All of the records below are to be printed exactly; the pictures are to be left out.

*** Opening of Record extracts ***

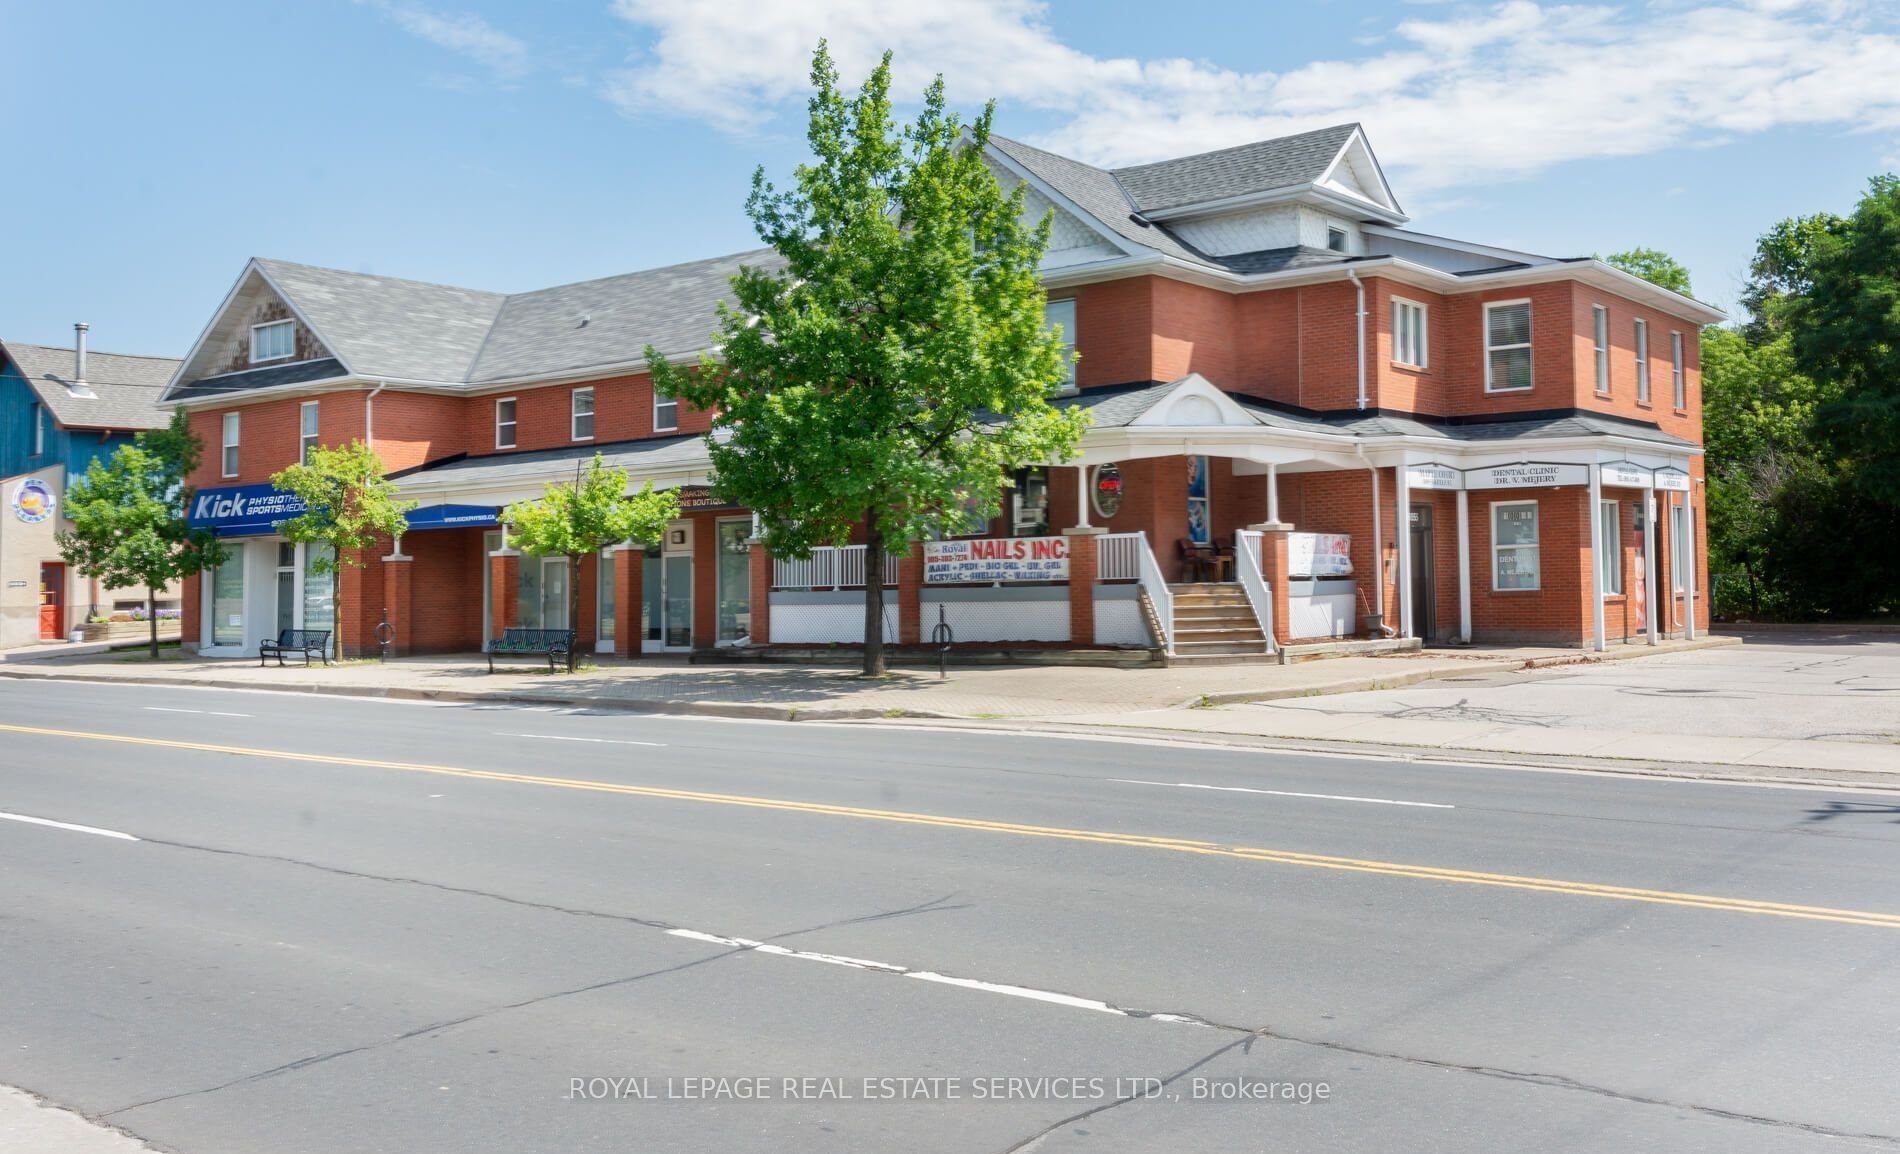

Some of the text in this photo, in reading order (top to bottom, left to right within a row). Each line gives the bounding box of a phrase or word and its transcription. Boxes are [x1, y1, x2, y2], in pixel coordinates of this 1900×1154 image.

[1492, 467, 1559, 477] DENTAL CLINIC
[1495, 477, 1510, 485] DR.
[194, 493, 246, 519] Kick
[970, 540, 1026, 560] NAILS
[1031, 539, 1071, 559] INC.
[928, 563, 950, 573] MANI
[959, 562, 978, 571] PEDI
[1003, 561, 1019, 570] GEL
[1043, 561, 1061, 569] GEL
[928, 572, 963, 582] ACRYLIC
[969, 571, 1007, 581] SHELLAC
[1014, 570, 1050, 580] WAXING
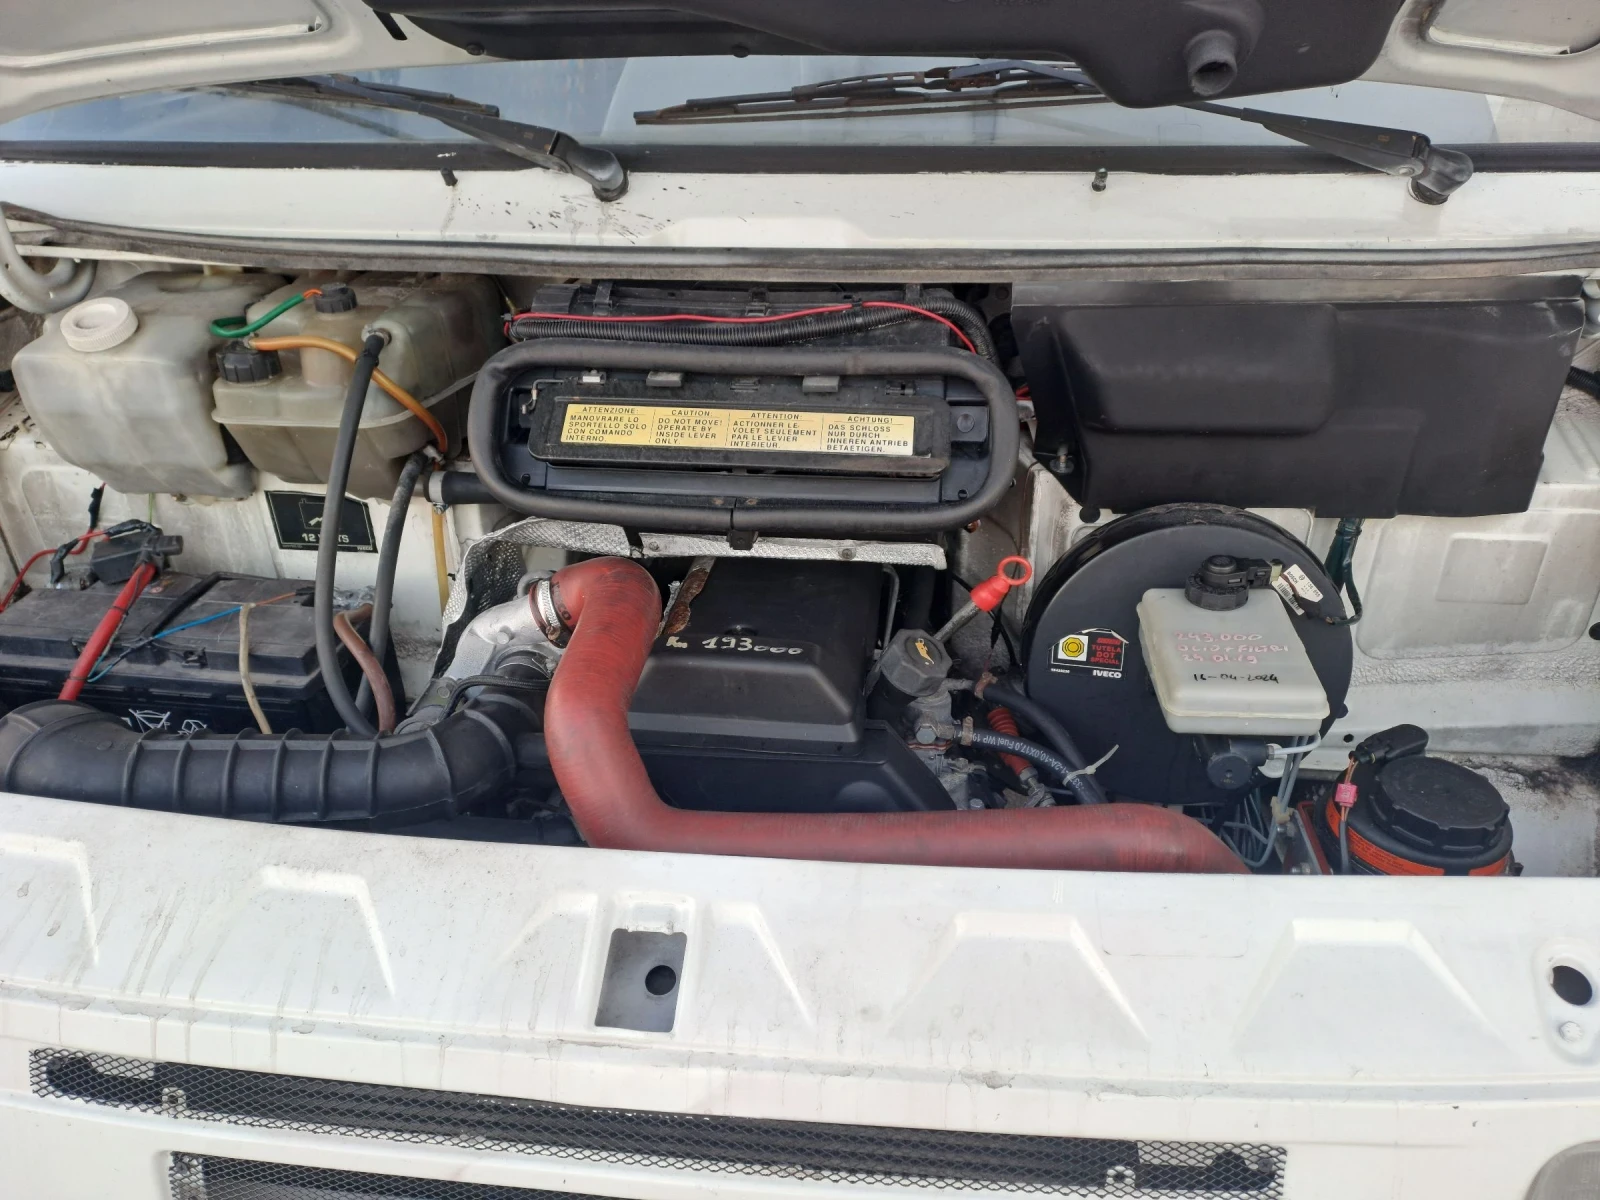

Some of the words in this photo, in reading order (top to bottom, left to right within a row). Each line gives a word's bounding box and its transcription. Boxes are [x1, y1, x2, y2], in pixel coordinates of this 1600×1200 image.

*** Close of Record extracts ***

* **Exercise answer**
Some of the text in this photo, in reading order (top to bottom, left to right within a row). Each line gives the bounding box of a phrase or word and its transcription. Boxes are [x1, y1, x2, y2], in pixel coordinates of this 1900×1154 image.

[1492, 467, 1559, 477] DENTAL CLINIC
[1495, 477, 1510, 485] DR.
[194, 493, 246, 519] Kick
[970, 540, 1026, 560] NAILS
[1031, 539, 1071, 559] INC.
[928, 563, 950, 573] MANI
[959, 562, 978, 571] PEDI
[1003, 561, 1019, 570] GEL
[1043, 561, 1061, 569] GEL
[928, 572, 963, 582] ACRYLIC
[969, 571, 1007, 581] SHELLAC
[1014, 570, 1050, 580] WAXING

Some of the words in this photo, in reading order (top to bottom, left to right within a row). Each line gives a word's bounding box and its transcription. Boxes are [x1, y1, x2, y2], in pixel coordinates of this 1600×1200 image.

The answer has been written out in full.